Crizotinib treatment for patients with EGFR mutation positive NSCLC that acquire cMET amplification after EGFR TKI therapy results in short-lived and heterogeneous responses

Lung Cancer. 2018 Oct:124:130-134. doi: 10.1016/j.lungcan.2018.07.030. Epub 2018 Jul 30.

Abstract

Purpose: Next to secondary epidermal growth factor receptor (EGFR) mutations, cMET amplification plays an important role in mediating acquired resistance to EGFR tyrosine kinase inhibitors (TKI) treatment. Crizotinib, a dual ALK and cMET inhibitor, can induce responses in patients with EGFR mutation positive non-small cell lung cancer (NSCLC) that acquire cMET amplification after EGFR TKI treatment. However, little is known about the duration of response and post-progression resistance mechanisms. Here, we report on the clinical outcome of a series of patients with cMET-driven resistance to EGFR TKIs, treated with crizotinib.

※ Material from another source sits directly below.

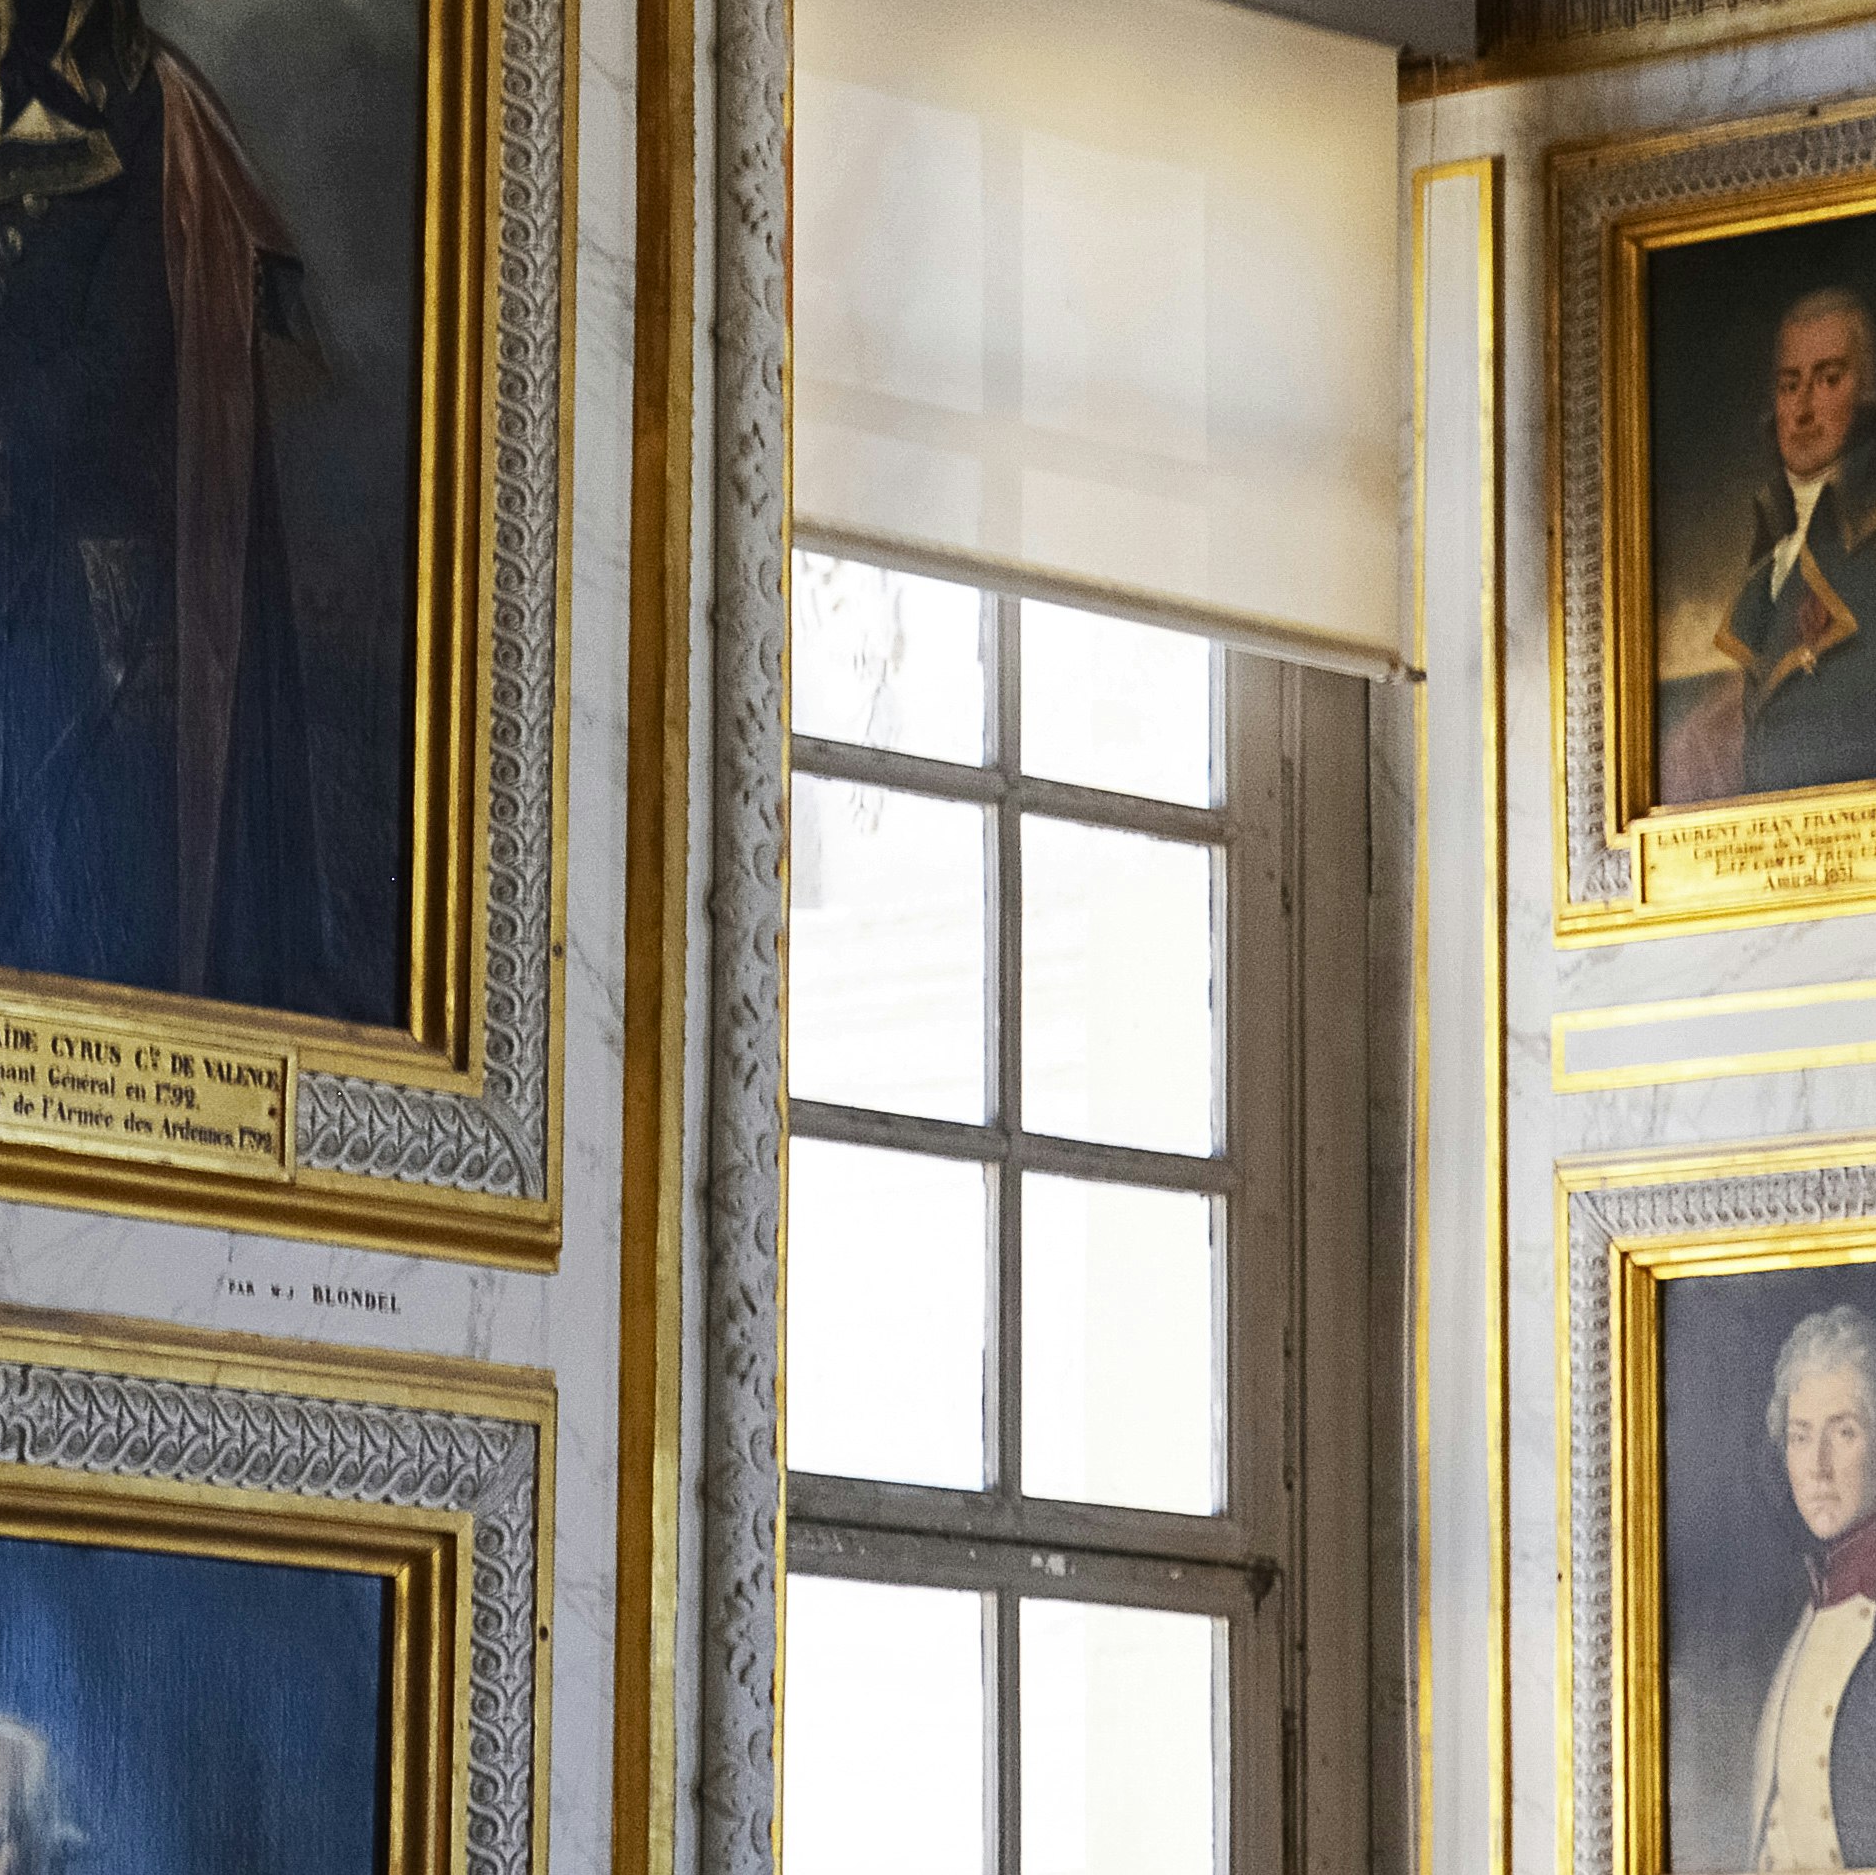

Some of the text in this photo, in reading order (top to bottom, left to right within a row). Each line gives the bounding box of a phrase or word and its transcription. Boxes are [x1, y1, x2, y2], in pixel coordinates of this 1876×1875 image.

Materials and methods: Eight patients with EGFR mutation positive NSCLC that acquired cMET amplification after EGFR TKI treatment were treated with crizotinib 250 mg twice daily, as monotherapy (n = 2) or in combination with an EGFR TKI (n = 6).

Results: Four out of eight patients (50%) showed a partial response (PR) according to RECIST 1.1. Median progression-free survival (PFS) was 1.4 (95% CI 1.2-5.0) months. Responses were short-lasting with a median PFS of 3.5 (95% CI 1.4-5.2) months in patients with a PR. Median overall survival was 5.9 (95% CI 1.3-6.0) months and not statistically different between responders and non-responders (p = 0.37). All but one patient tolerated crizotinib treatment well. Heterogeneous responses were seen in patients with progressive disease as best response with a marked size decrease of the biopsied (cMET amplification positive) lesion and progression of other lesions. cMET amplification was not always mutually exclusive with other EGFR TKI resistance mechanisms. Post-progression biopsies were negative for cMET amplification.

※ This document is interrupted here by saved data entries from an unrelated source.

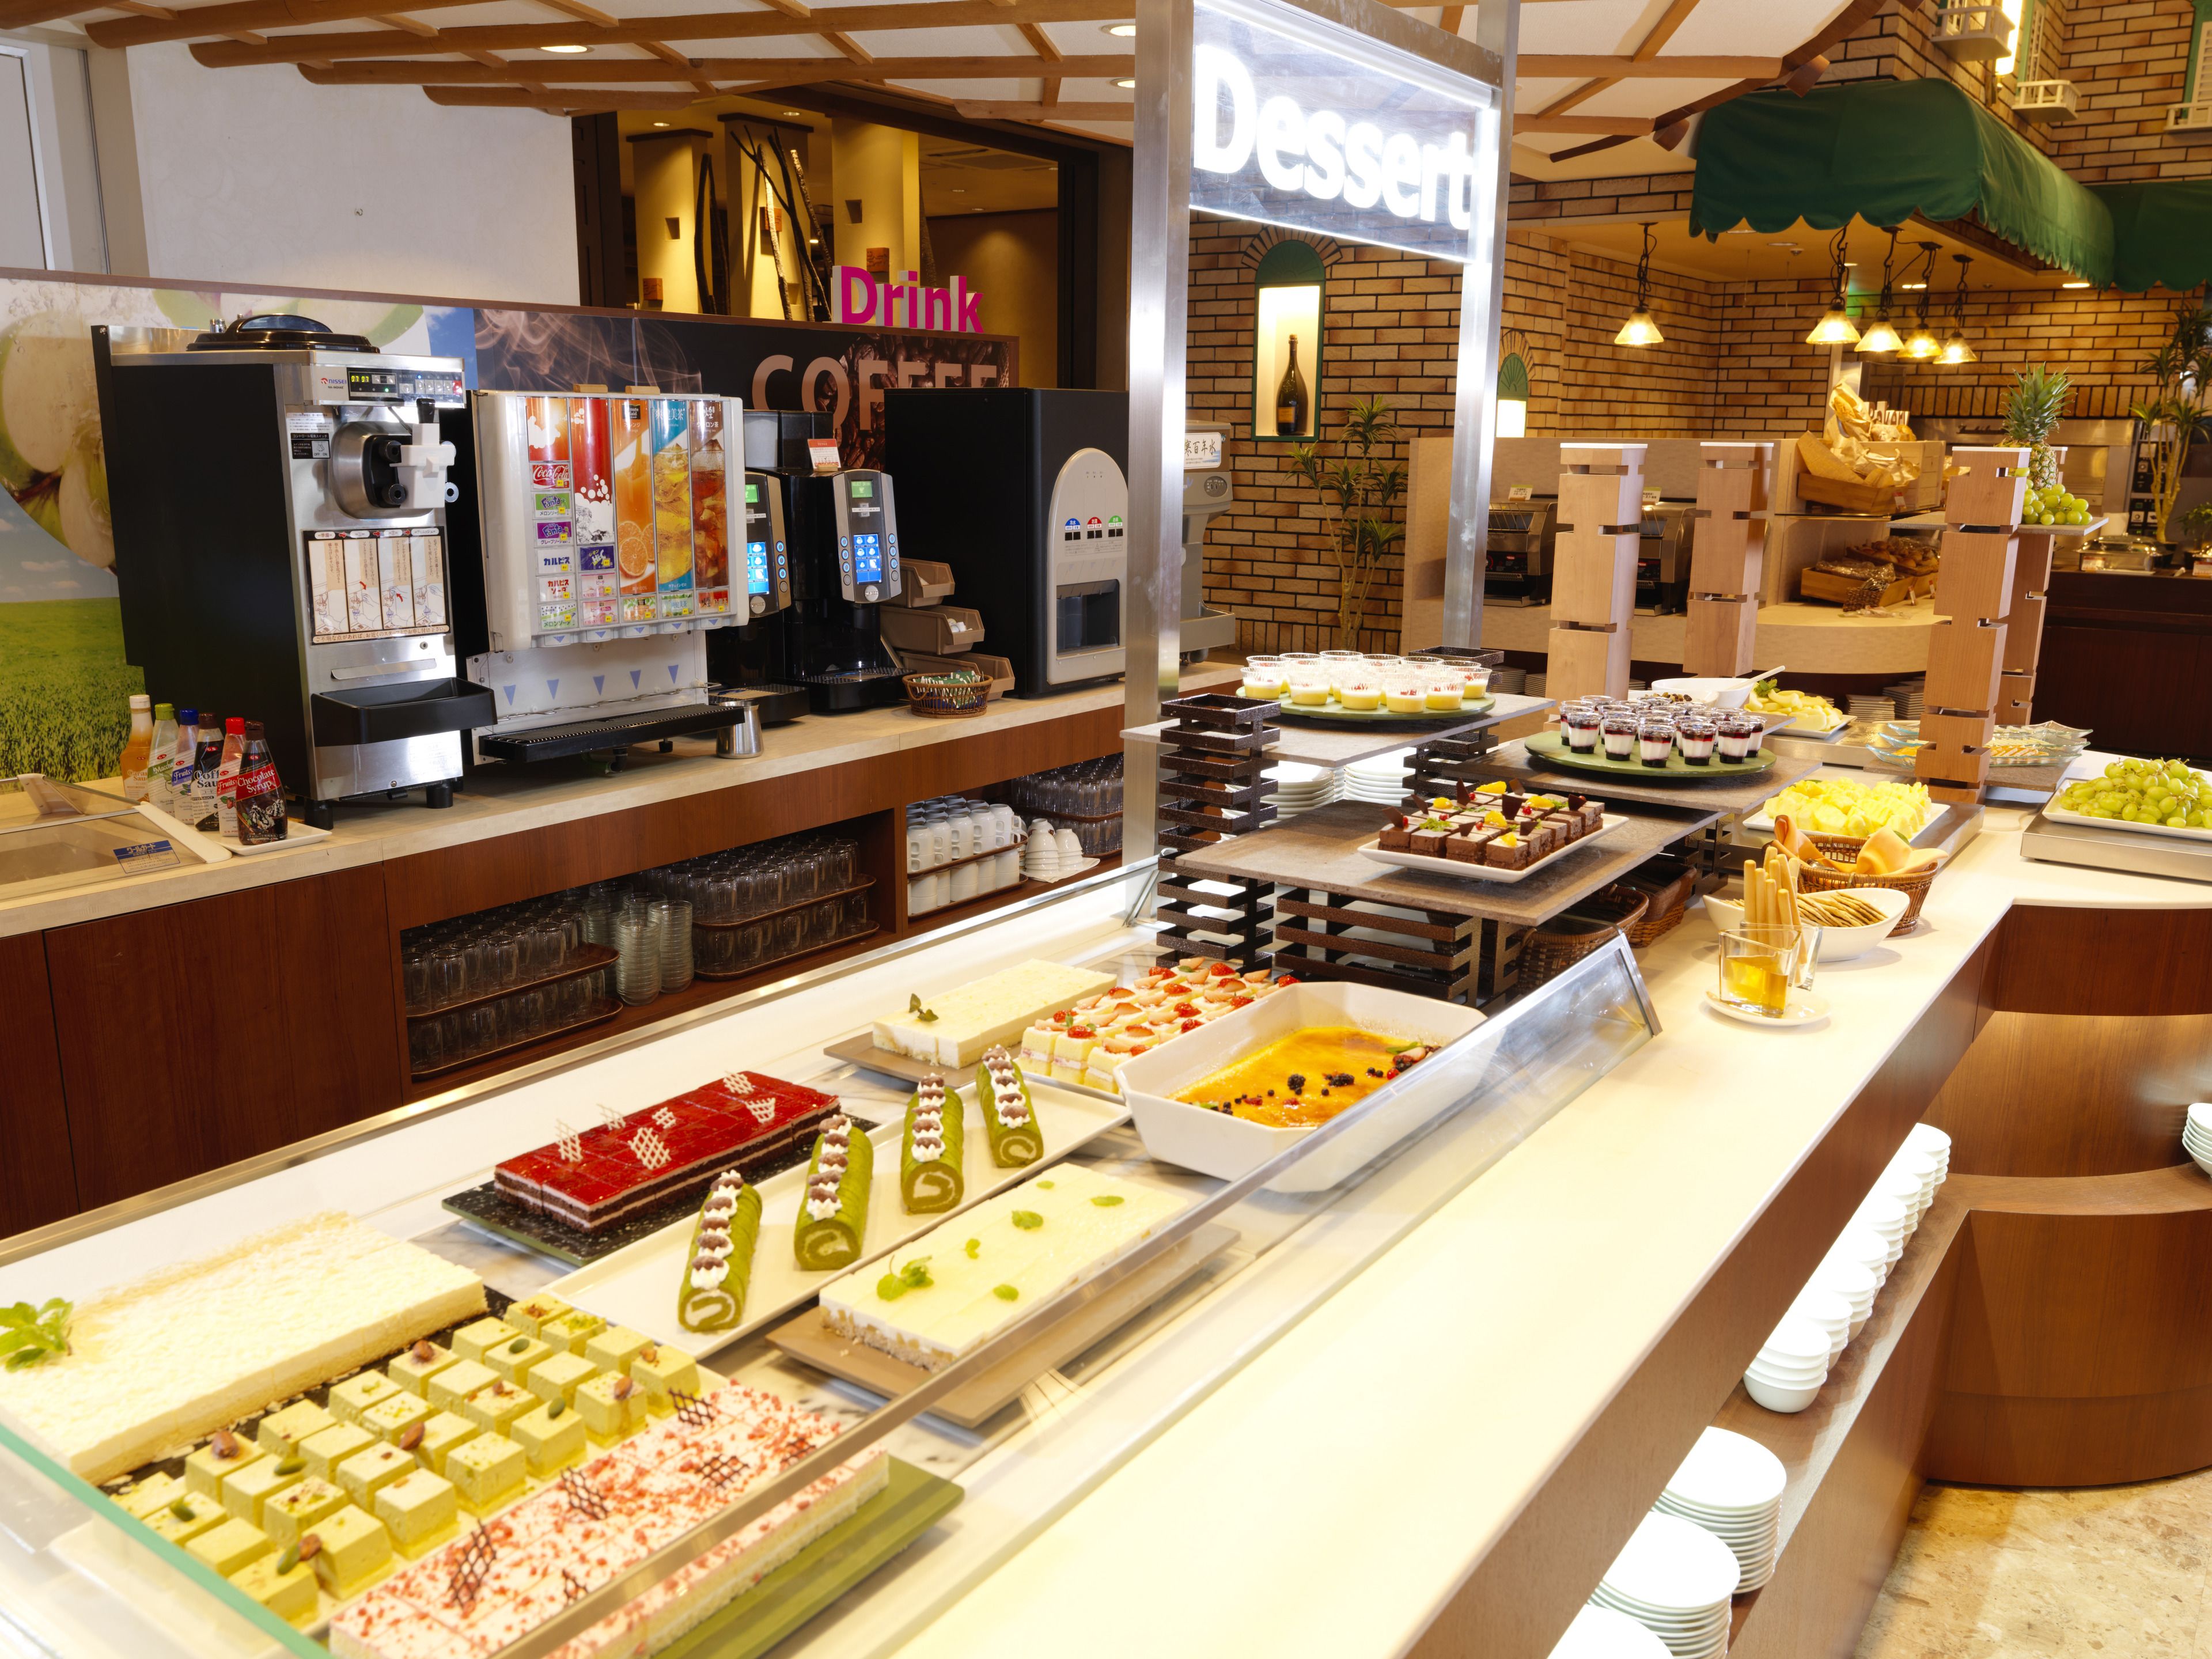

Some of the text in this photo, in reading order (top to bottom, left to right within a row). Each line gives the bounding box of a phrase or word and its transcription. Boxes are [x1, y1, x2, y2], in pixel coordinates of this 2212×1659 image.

[1193, 44, 1475, 230] Dessert
[838, 266, 984, 333] Drink
[533, 465, 570, 482] Coca-Cola
[541, 496, 561, 509] Fanta
[542, 525, 562, 537] Fanta
[544, 556, 570, 566] カルピス
[548, 579, 569, 587] カルピス
[237, 769, 275, 787] Chocolate
[247, 780, 272, 794] Syrup

Conclusion: Crizotinib treatment for patients with EGFR mutation positive NSCLC that acquire cMET amplification after EGFR TKI treatment results in short-lived and often heterogeneous responses, possibly due to subclonality of cMET-driven resistance and co-occurrence of other EGFR TKI resistance mechanisms.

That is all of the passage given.